Нет, наверное, такой матери на планете, которую не тревожило бы будущее ее детей. Но для нас, непосредственно переживших войну, Освенцим, для нас, повседневно видевших смерть, видевших, как погибают чьи-то дочери, чьи-то дети, для нас — уцелевших лишь чудом, случаем — эта тревога ощутимей, осознаннее, острее.
…Поезд был скорый, очень скорый. Он мчался почти без остановок. Возникали из темноты огни станций и пропадали, словно бы вновь растворяясь в темноте.
На дворе мело и мело. Бежали навстречу поезду заснеженные поля. И домики со светящимися сквозь метель окнами.
А в купе, в двухместном купе, в котором я ехала одна, было тепло. И было уютно по-дорожному. Свежее белье на постели. Пушистый плед. В отдельной кабине — умывальник.
Проводник любезно предлагал кавку — в маленьких чашечках на подносе аппетитно дымился горячий кофе.
Мчался поезд, и чем дальше он мчался, тем сильней нарастала во мне тревога.
Поезда обычно мчат своих пассажиров к будущему. Мой же поезд вез меня к прошлому. И, признаться, я страшилась его.
2. Освенцим, год 196…
От пребывания в Польше впечатления располагаются пластами. А иные — кругами. Потому кругами, что я явственно вижу, как замыкаются некоторые из них.
Вот, например, Ядвига Заржицкая — Яся. Поначалу — узница Освенцима, врач освенцимского ревира. Ныне — пани профессор, «пани директор» детского госпиталя.
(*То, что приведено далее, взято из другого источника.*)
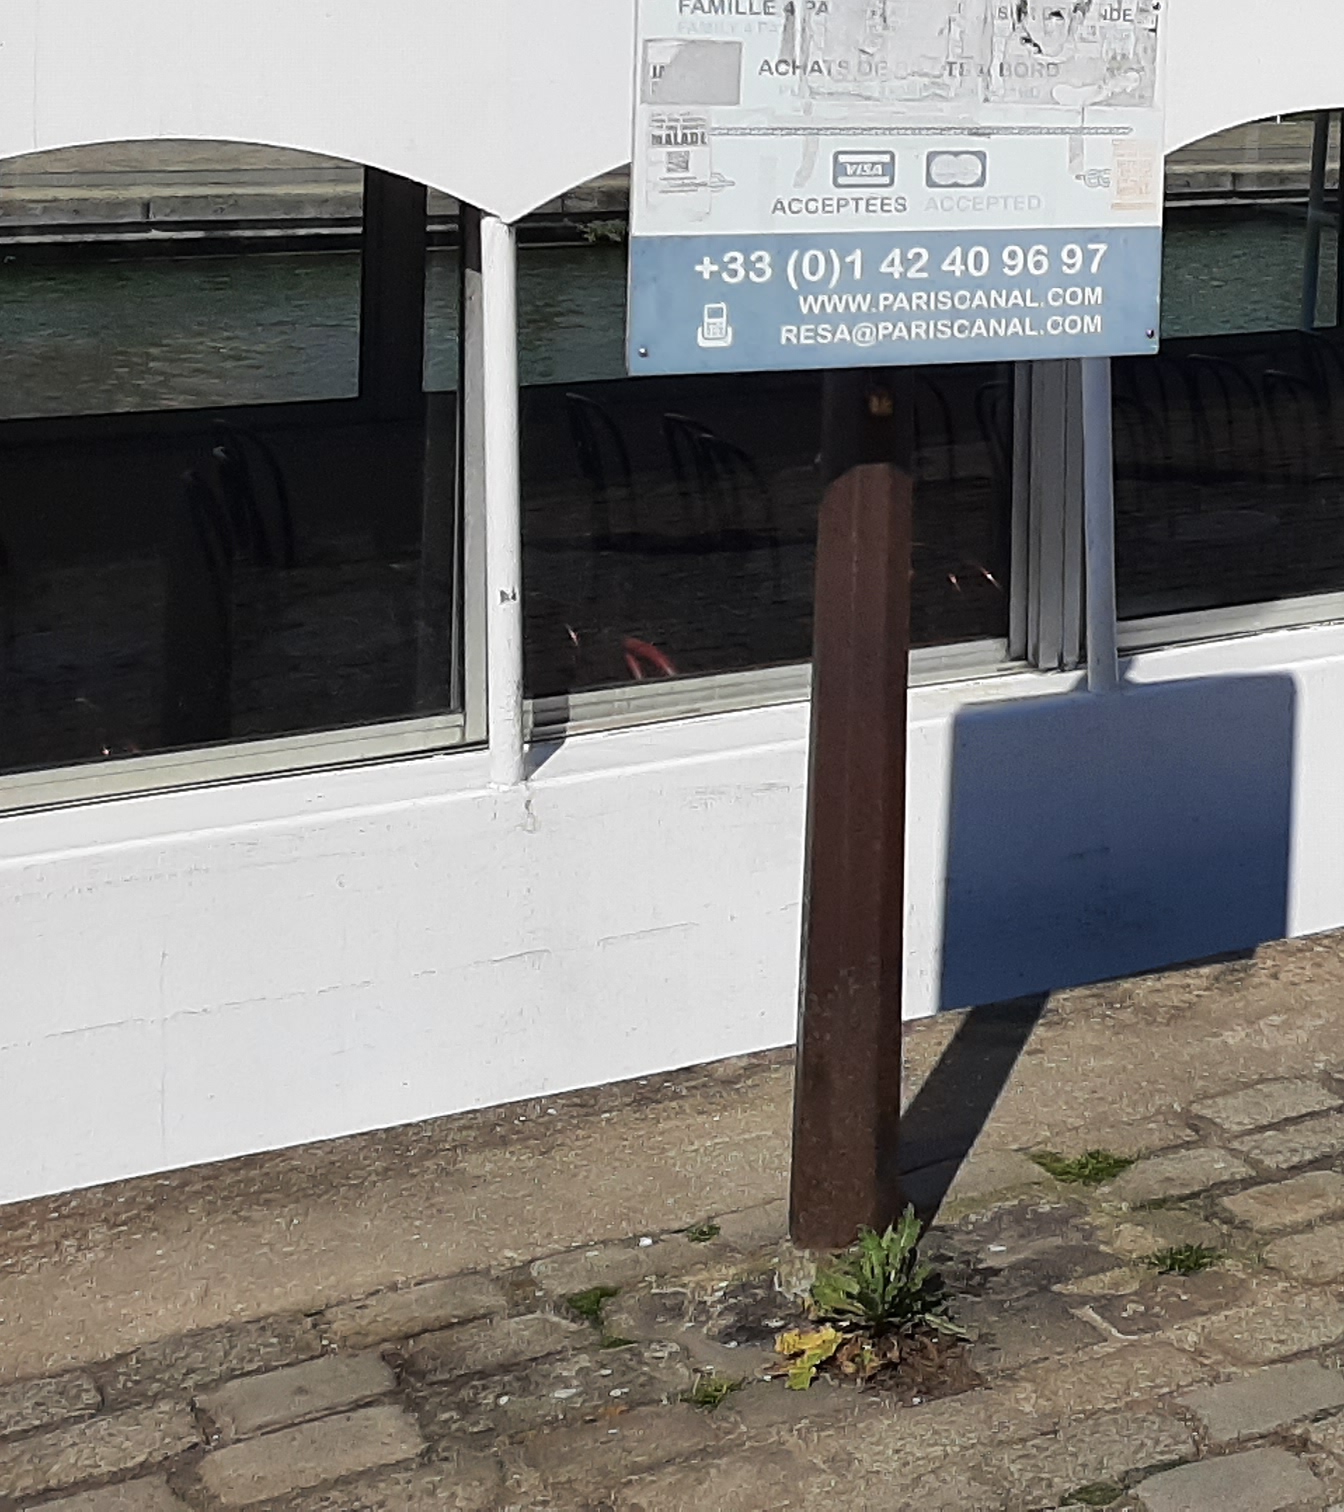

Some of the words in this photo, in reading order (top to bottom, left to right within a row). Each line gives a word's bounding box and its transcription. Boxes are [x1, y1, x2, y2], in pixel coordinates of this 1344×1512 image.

[843, 161, 884, 176] VISA
[925, 193, 1042, 214] ACCEPTED
[694, 250, 773, 284] +33
[786, 247, 864, 291] (0)1
[878, 246, 930, 280] 42
[940, 245, 990, 278] 40
[1001, 243, 1050, 276] 96
[1060, 242, 1108, 275] 97
[799, 286, 1102, 315] WWW.PARISCANAL.COM
[780, 315, 1102, 347] RESA@PARISCANAL.COM
А по кругу — именно по кругу — жизнь Ядвиги за последнее двадцатилетие в какой-то точке столь тесно соприкасавшаяся с моей, что говорю без преувеличения: я осталась жива благодаря Ядвиге.
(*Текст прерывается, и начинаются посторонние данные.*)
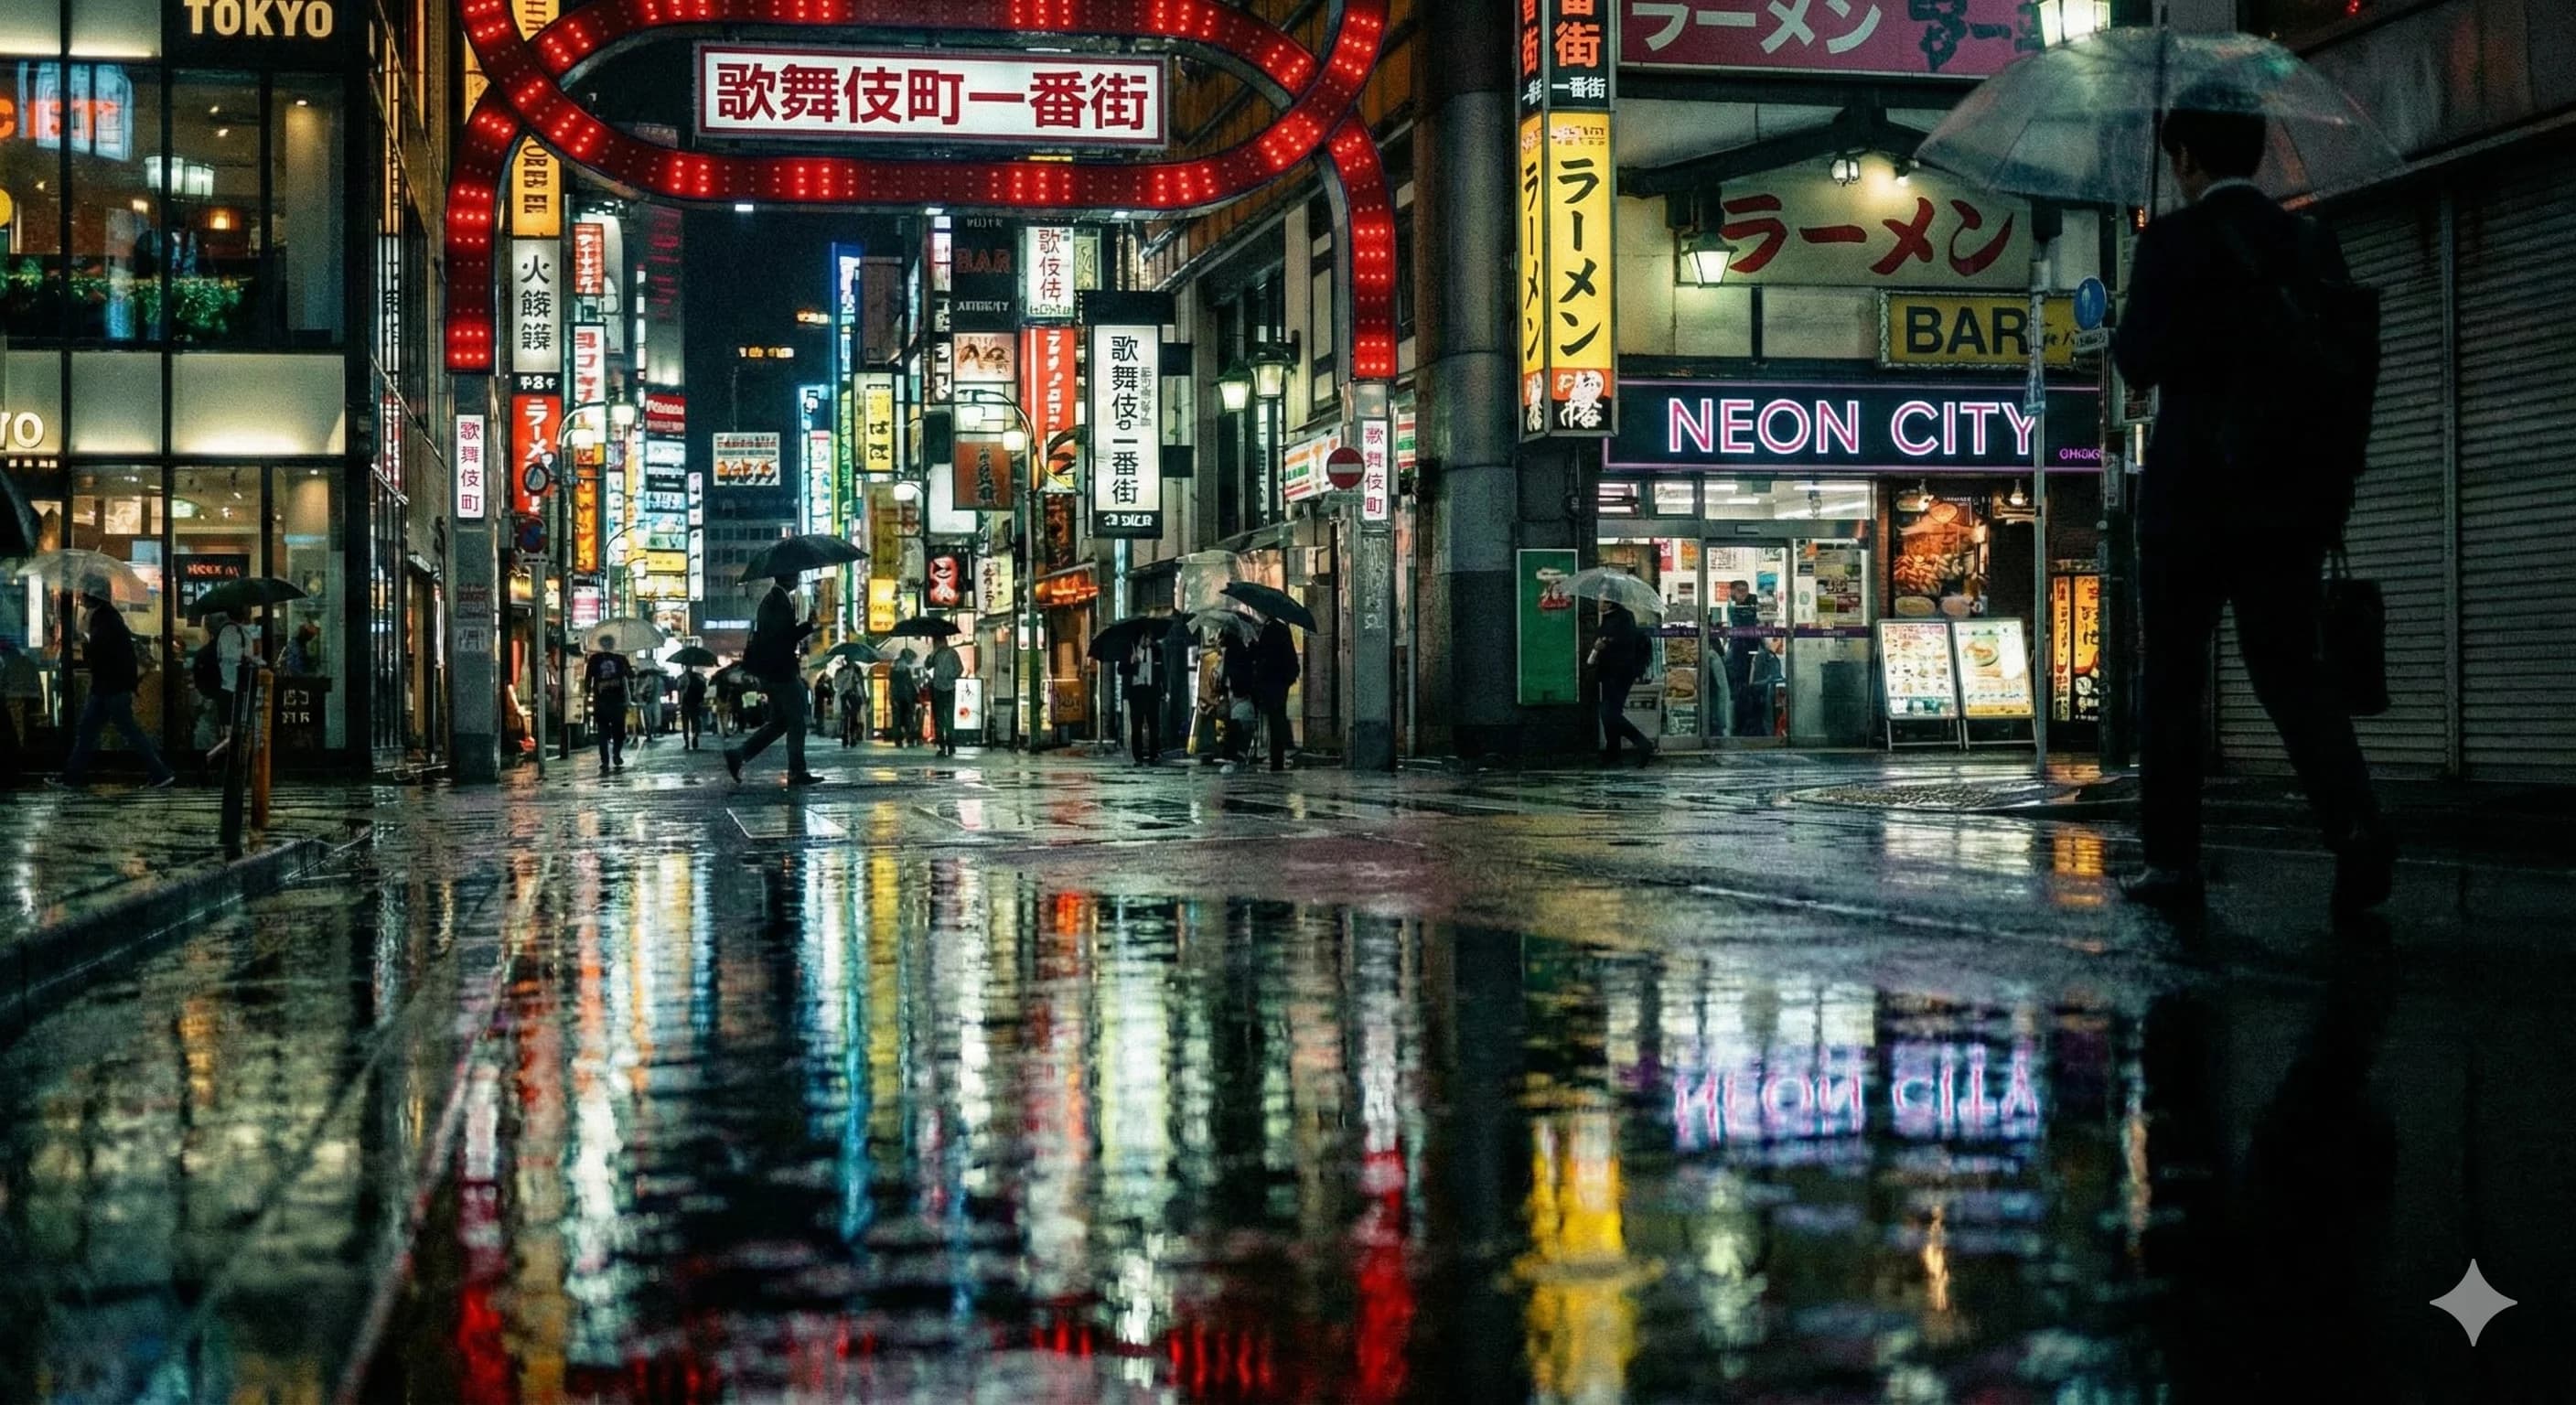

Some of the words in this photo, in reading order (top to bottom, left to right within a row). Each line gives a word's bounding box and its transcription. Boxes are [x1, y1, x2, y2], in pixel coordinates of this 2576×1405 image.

[186, 0, 333, 38] TOKYO
[1632, 0, 1882, 54] ラーメン
[716, 63, 1148, 130] 歌舞伎町一番街
[1551, 76, 1605, 99] 一番街
[1524, 162, 1540, 361] ラーメン
[1557, 158, 1600, 357] ラーメン
[1720, 194, 2013, 274] ラーメン
[1905, 306, 2030, 355] BAR
[1669, 398, 1859, 454] NEON
[1891, 400, 2036, 456] CITY
Другой пласт — Татьянка. Татьянка из детского барака за проволокою. И Татьянка шестидесятых годов, она же Зося — Зофия Станкевич — краковянка, гражданка Польской Народной Республики — единственное, нежно любимое дитя Кристины Станкевич.
И наконец, сам Освенцим — Освенцим прошлый, Освенцим нынешний. Но этот пласт включает в себя столь многое, что тут немыслимы никакие перечисления.
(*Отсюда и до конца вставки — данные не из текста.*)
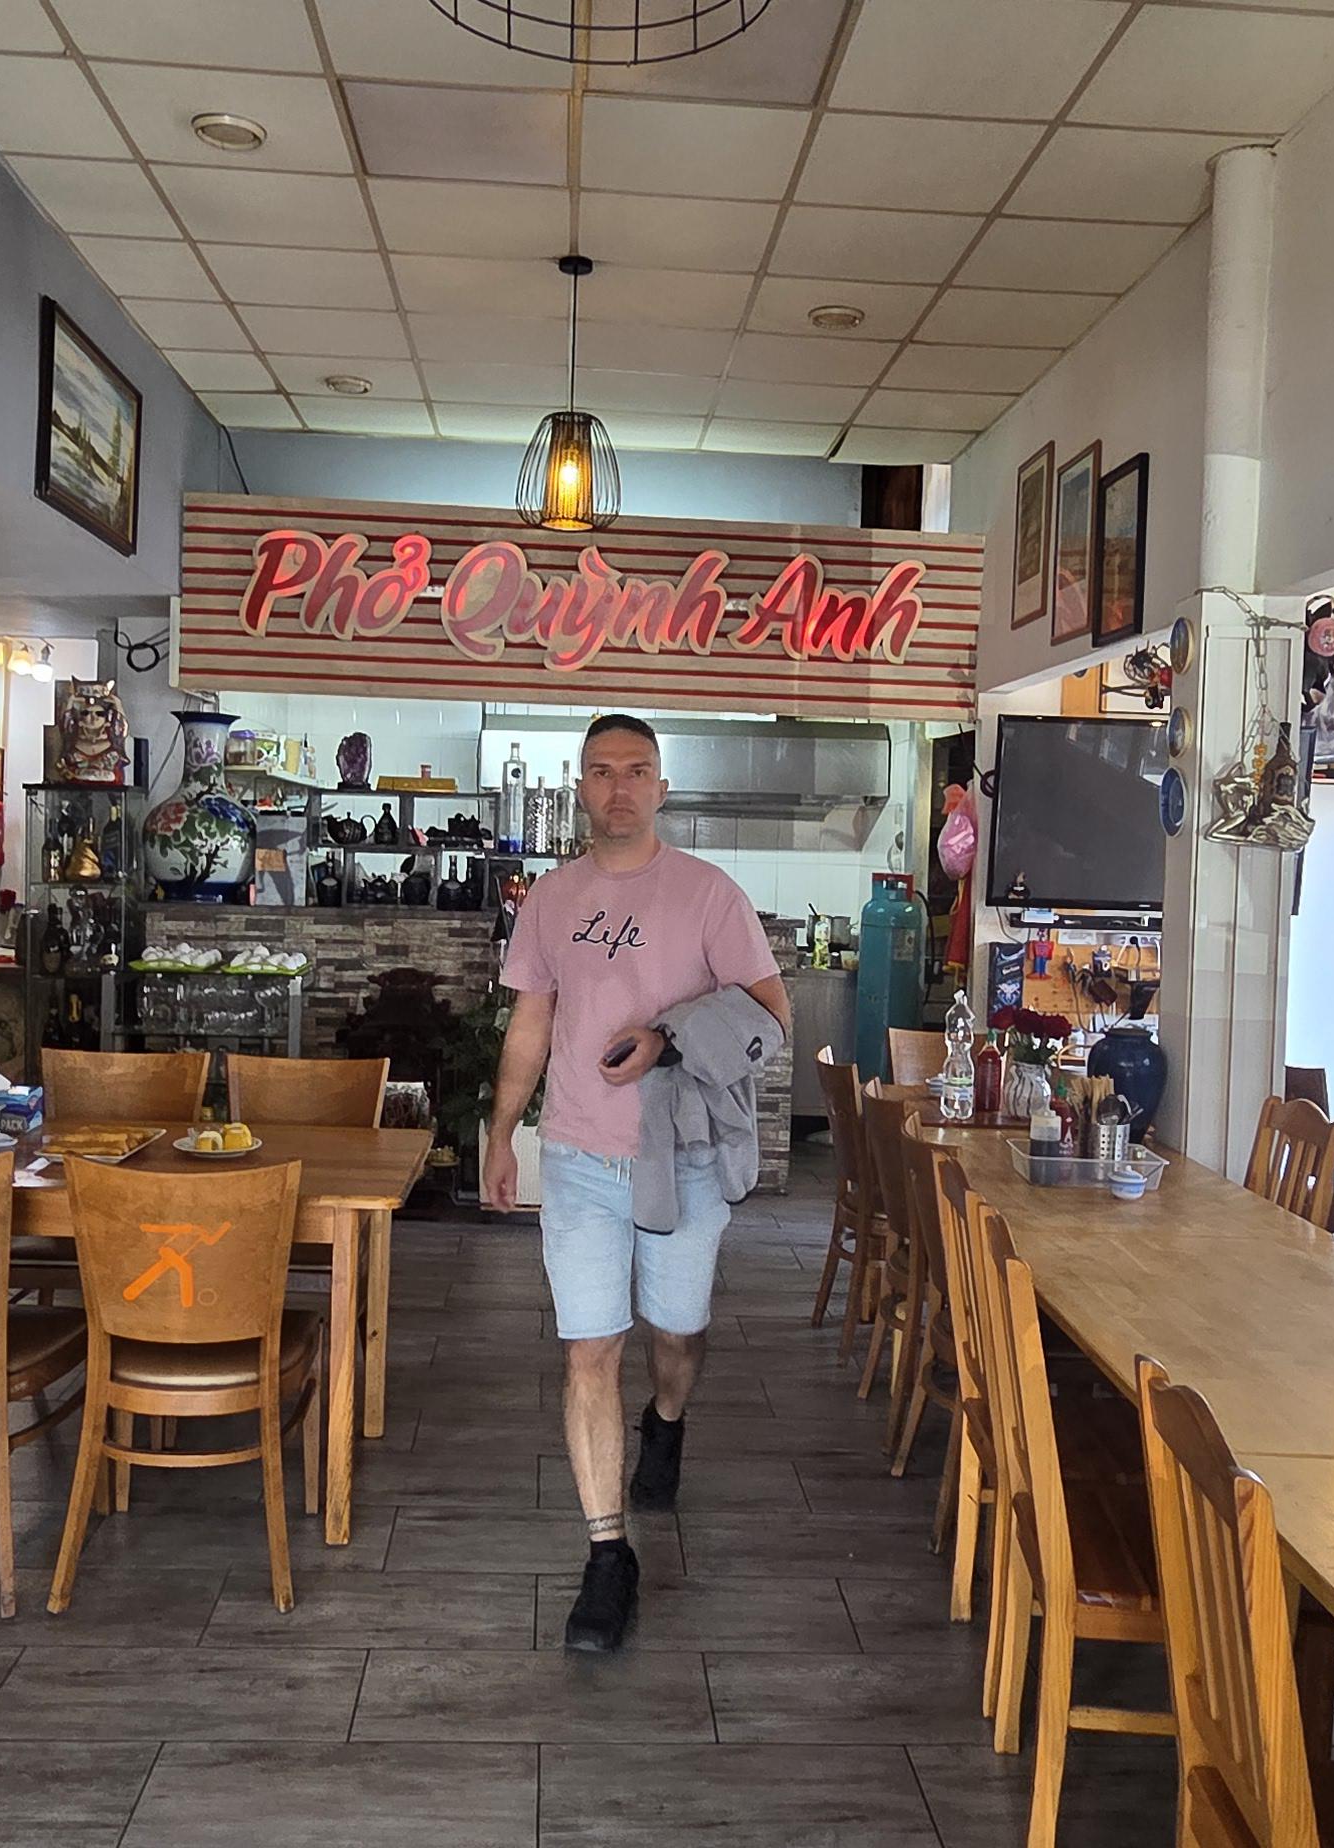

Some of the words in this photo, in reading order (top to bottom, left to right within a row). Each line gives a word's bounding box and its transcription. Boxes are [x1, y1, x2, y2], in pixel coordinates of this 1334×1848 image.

В Освенцим сопровождал меня Станислав Скибицкий, журналист, «пан редактор» — так называла его хорошенькая паненка из рецепции — регистратуры отеля.
Пан Станислав ждал меня в холле. И хоть толпилось в холле много народу, я, не зная его в лицо, сразу же обратила внимание на него.
В мягком сером пальто, с пушистым, в яркую клетку шарфом, с трубочкой, небрежно задвинутой в угол рта, опершись на стойку рецепции, он беседовал с этой самой паненкой и казался таким безмятежно благополучным, что, право, трудно было поверить, будто и он пережил Освенцим.
Он пережил Освенцим, я знала об этом.
День был ясный, морозный, солнечный, ярко синело небо. Но чем дальше мы отъезжали от Кракова, тем оно становилось все серее — заволакивалось, затягивалось мглистой дымкой, солнце смутно мерцало сквозь нее. И это становящееся бессолнечным небо для меня было первым зримым признаком приближения к Освенциму.
Мне довелось пережить в Освенциме все времена года. И во все времена года небо над Освенцимом было затянуто вот такой же туманной мглой.
Может быть, оттого, что Освенцим расположен в низине, в котловине.
Во всех географических его описаниях, которые я читала уже потом, говорится о нем примерно следующее:
«Несмотря на близкое соседство с горами, Освенцим по своему местоположению представляет удивительно ровную, плоскую, без уклонов и даже впалую иногда поверхность. Вследствие чего его окрестности являются сырыми и болотистыми».
О, как мы ощущали эту сырость и эту болотистость. Они настолько въедались в нас, что даже в теплые летние дни нас мучил непроходящий озноб.
Ни я, ни Скибицкий по дороге не вспоминали об Освенциме. Говорили совсем о другом, сегодняшнем, но Освенцим стоял за тем, о чем мы говорили. Недаром, по мере приближения к нему паузы между фразами становились все чаще, все продолжительней. Спутник мой сосредоточенно разглядывал сквозь ветровое стекло сбегавшую под гору дорогу.
— По этому маршруту везли меня в 42-м году, — вымолвил он наконец. — Нас везли — меня и отца. — И замолчал.
И я молчала, прикидывая, сколько лет ему было в 42-м году. По виду он казался моим ровесником, может быть, чуть моложе. Значит — восемнадцать или девятнадцать…
Как они попали в Освенцим, он и его отец?
— Когда отца уводили «на газ», — помедлив, сказал Скибицкий, — ему удалось перебросить мне свои ботинки…
И снова дорога сбегала с пригорков, петляла между полями — обычная асфальтированная дорога.
— Эту дорогу и мне довелось строить, — вновь нарушил молчание Станислав. — Нелегкое дело. Болото!